**TASK DESCRIPTION:** Exercise in exact copying: restate word for word only the lines below from the one containing "this 1280×1010 image." through the one containing "this 2000×1333 image.", omitting any pictures.

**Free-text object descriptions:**

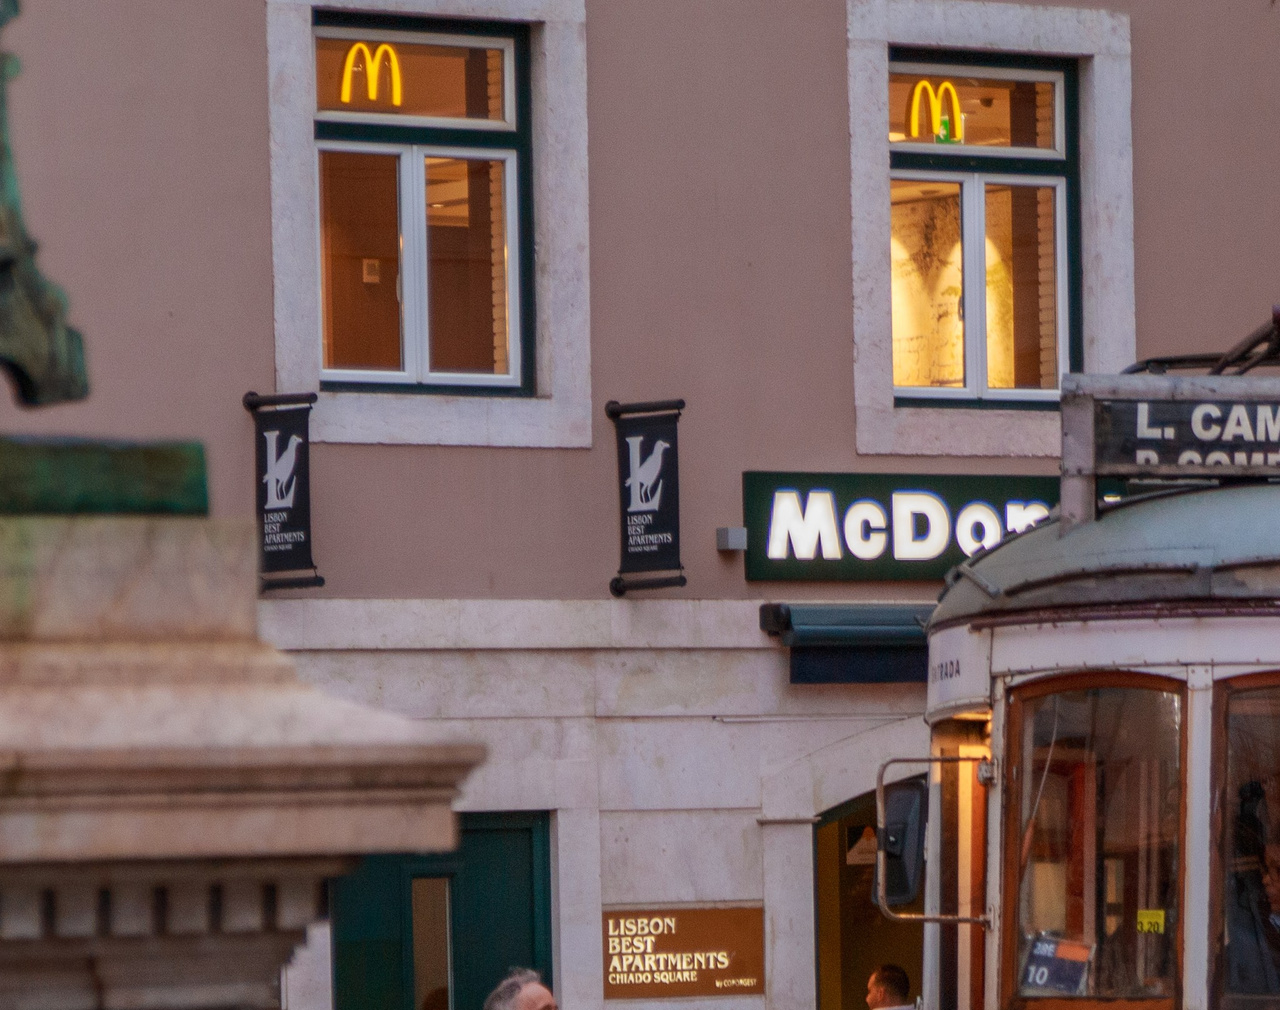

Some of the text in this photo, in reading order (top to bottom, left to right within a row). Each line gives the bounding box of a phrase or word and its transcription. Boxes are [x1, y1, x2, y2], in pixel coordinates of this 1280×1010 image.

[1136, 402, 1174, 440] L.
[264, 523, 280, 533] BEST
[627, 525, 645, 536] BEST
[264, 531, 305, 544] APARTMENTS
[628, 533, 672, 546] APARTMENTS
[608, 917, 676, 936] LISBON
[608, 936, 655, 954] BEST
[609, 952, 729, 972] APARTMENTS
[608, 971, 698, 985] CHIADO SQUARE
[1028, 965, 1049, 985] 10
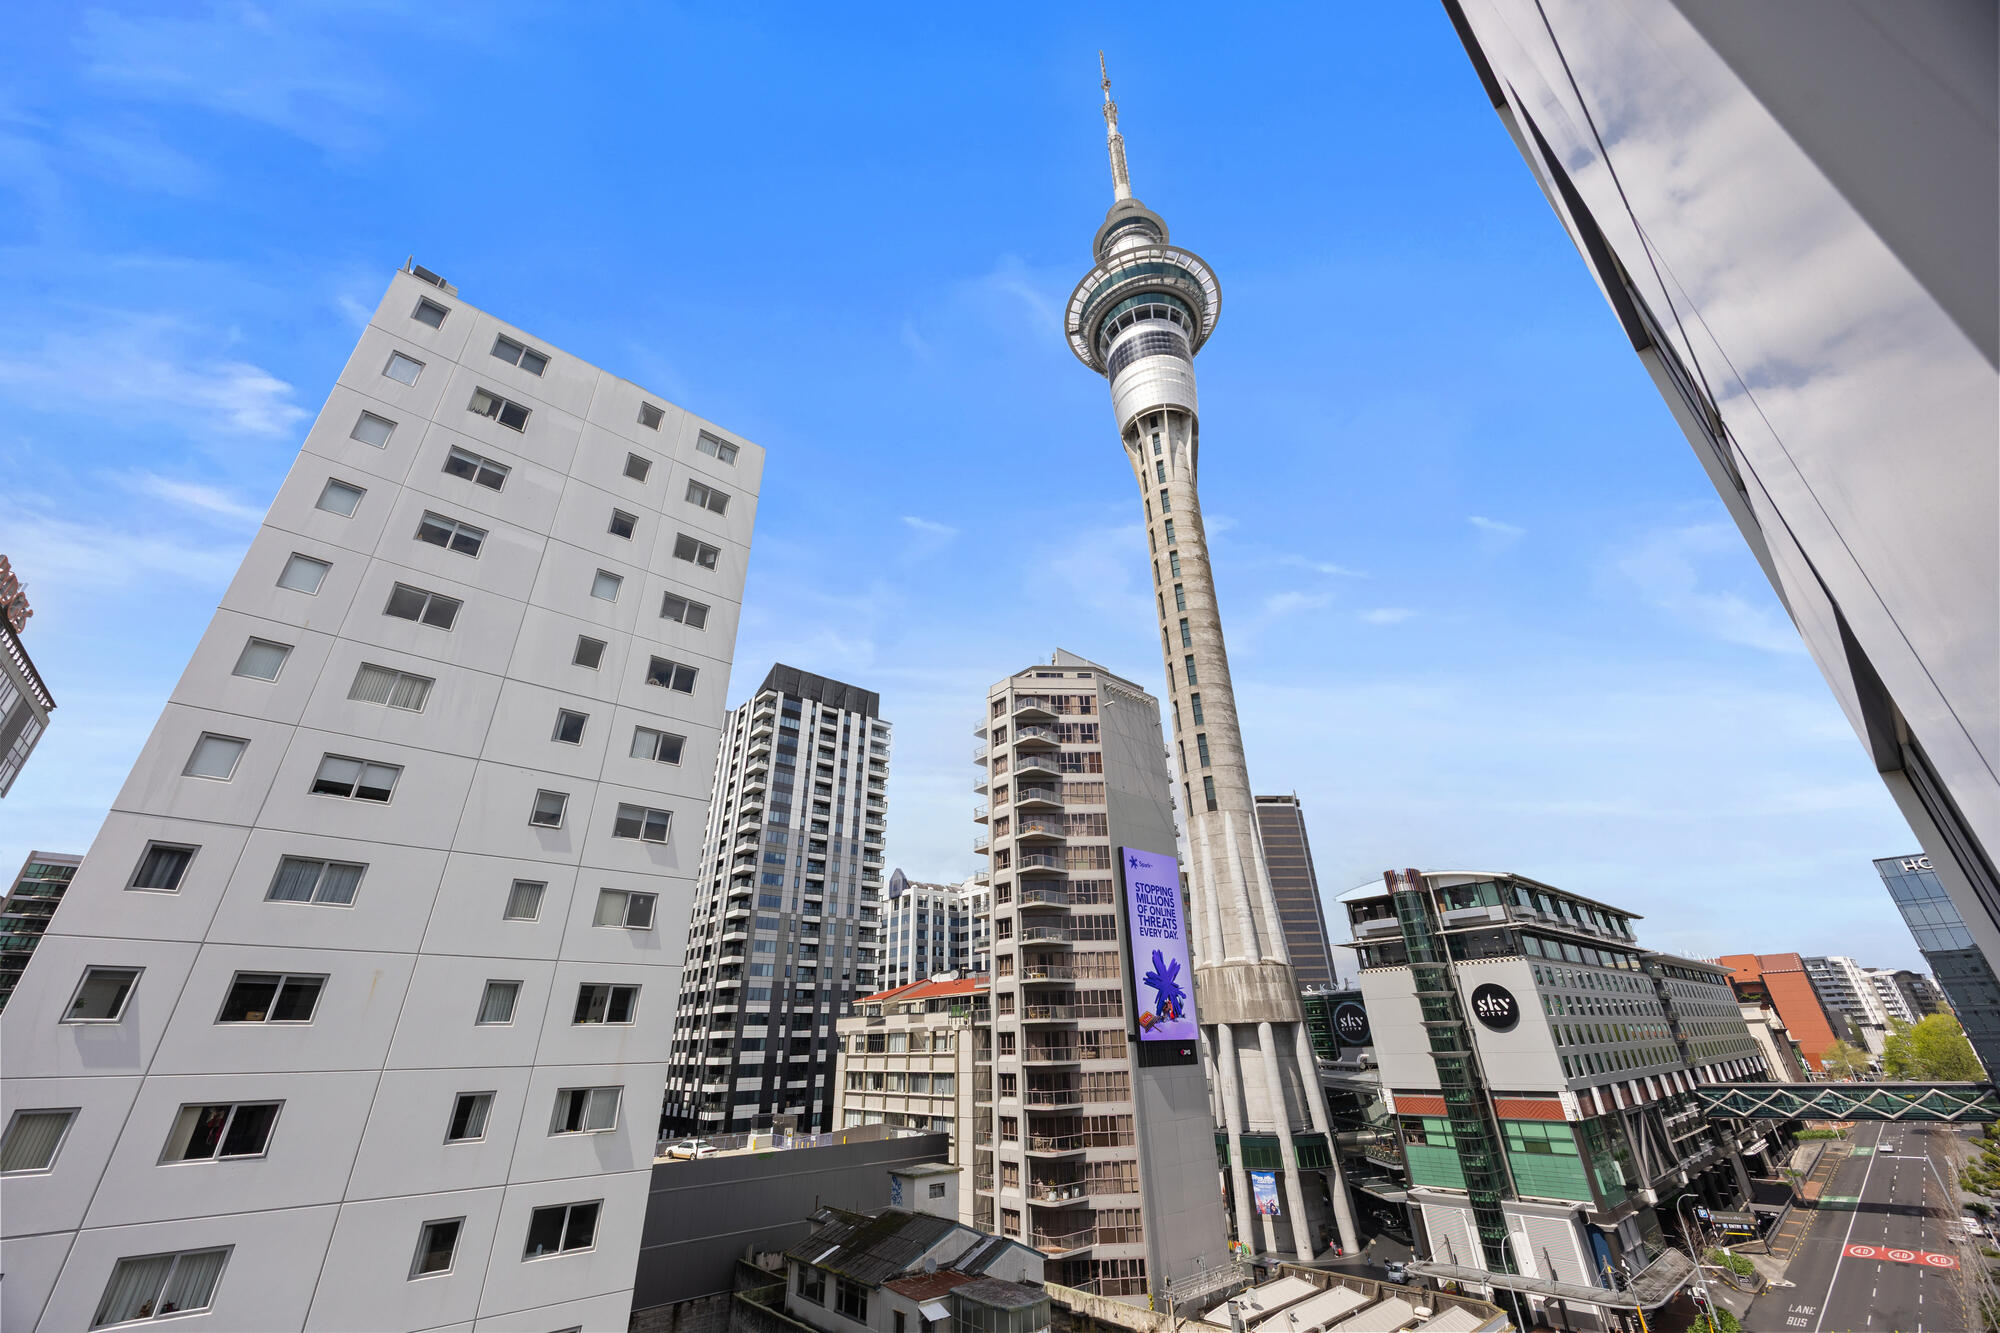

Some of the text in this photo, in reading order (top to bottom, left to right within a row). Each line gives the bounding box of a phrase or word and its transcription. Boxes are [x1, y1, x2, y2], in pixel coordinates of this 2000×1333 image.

* * *

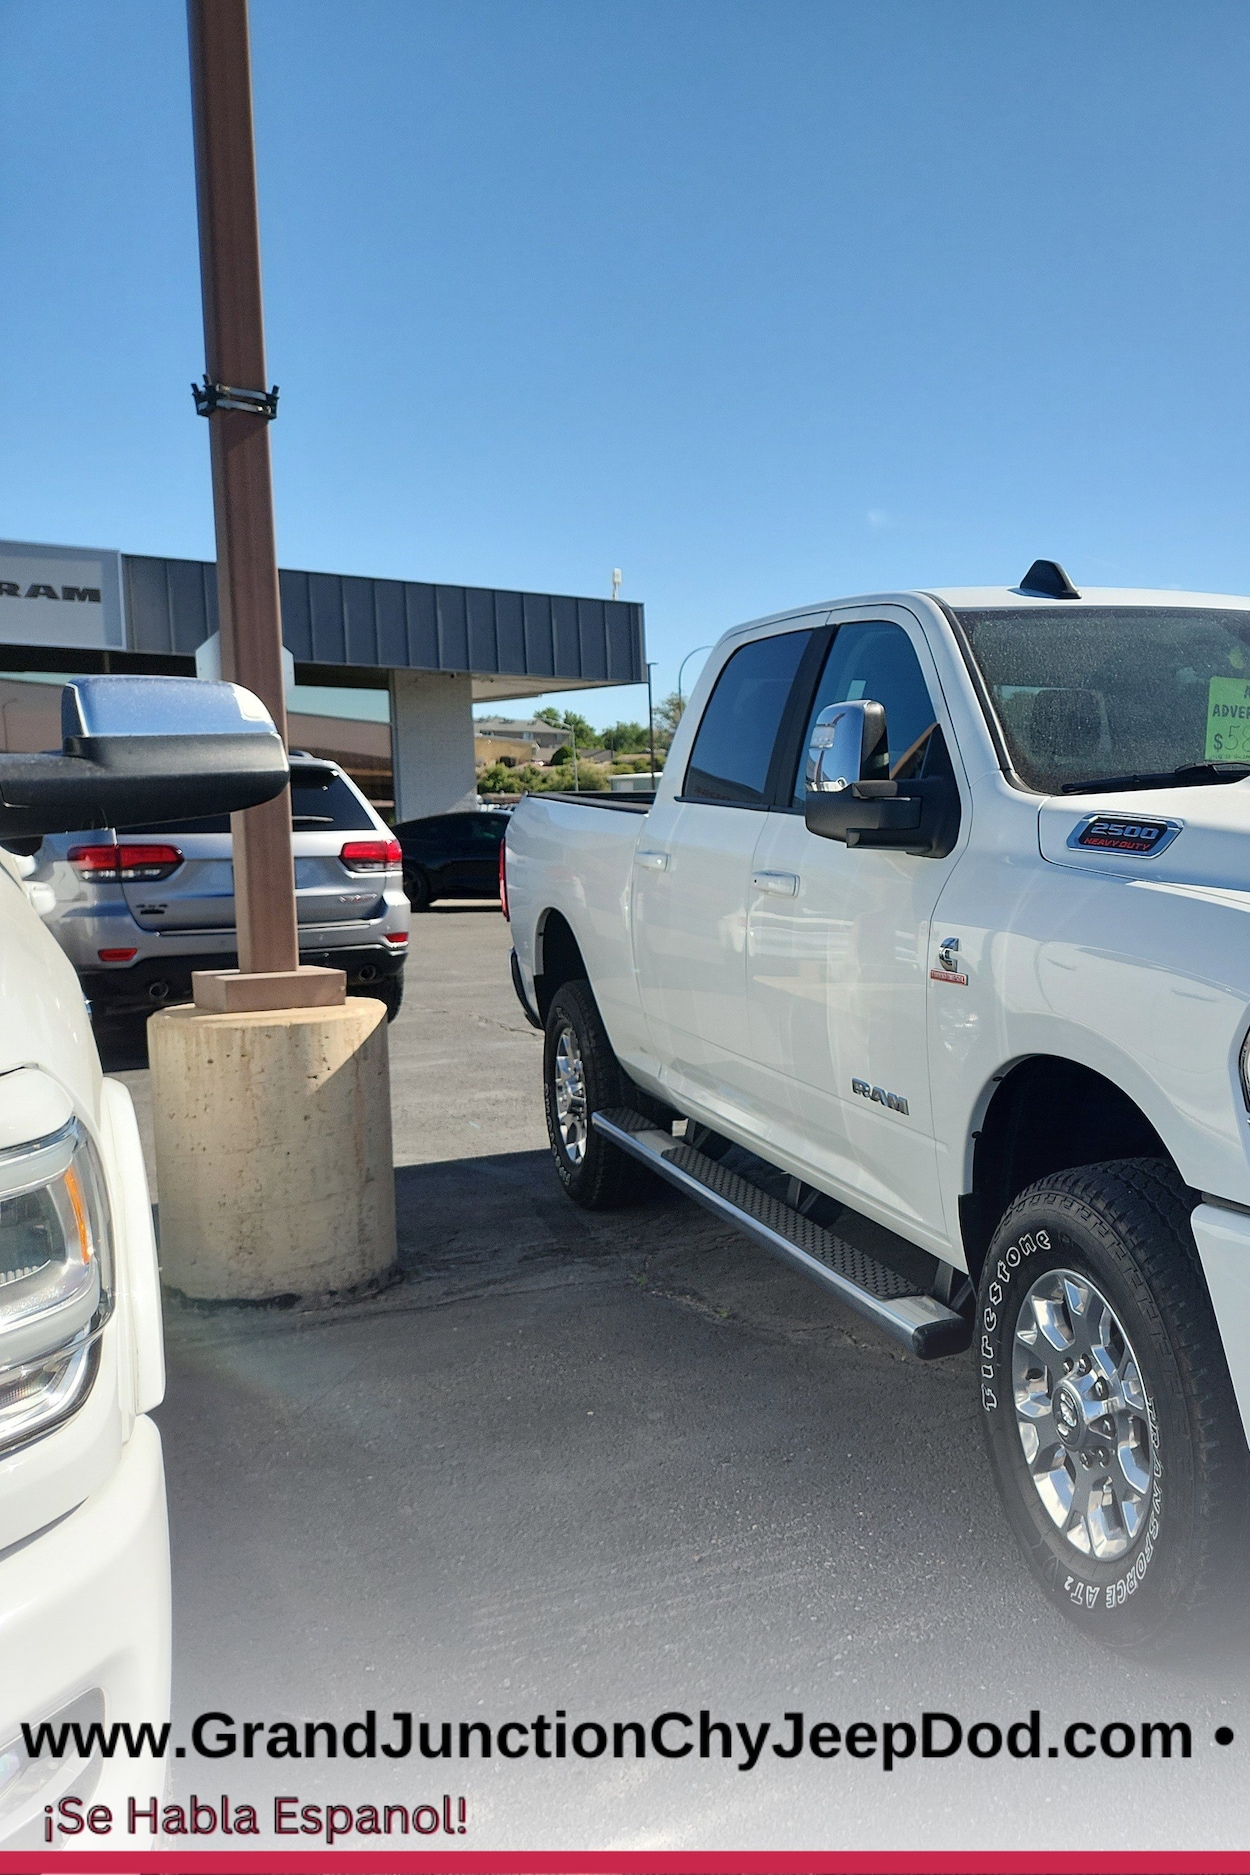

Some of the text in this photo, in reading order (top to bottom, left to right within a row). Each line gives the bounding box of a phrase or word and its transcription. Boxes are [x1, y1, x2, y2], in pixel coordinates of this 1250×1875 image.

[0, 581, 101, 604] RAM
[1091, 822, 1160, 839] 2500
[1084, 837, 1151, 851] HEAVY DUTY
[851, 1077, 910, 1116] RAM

**EXERCISE SOLUTION:**
Some of the text in this photo, in reading order (top to bottom, left to right within a row). Each line gives the bounding box of a phrase or word and its transcription. Boxes are [x1, y1, x2, y2], in pixel coordinates of this 1280×1010 image.

[1136, 402, 1174, 440] L.
[264, 523, 280, 533] BEST
[627, 525, 645, 536] BEST
[264, 531, 305, 544] APARTMENTS
[628, 533, 672, 546] APARTMENTS
[608, 917, 676, 936] LISBON
[608, 936, 655, 954] BEST
[609, 952, 729, 972] APARTMENTS
[608, 971, 698, 985] CHIADO SQUARE
[1028, 965, 1049, 985] 10

Some of the text in this photo, in reading order (top to bottom, left to right within a row). Each line gives the bounding box of a phrase or word and its transcription. Boxes are [x1, y1, x2, y2], in pixel coordinates of this 2000×1333 image.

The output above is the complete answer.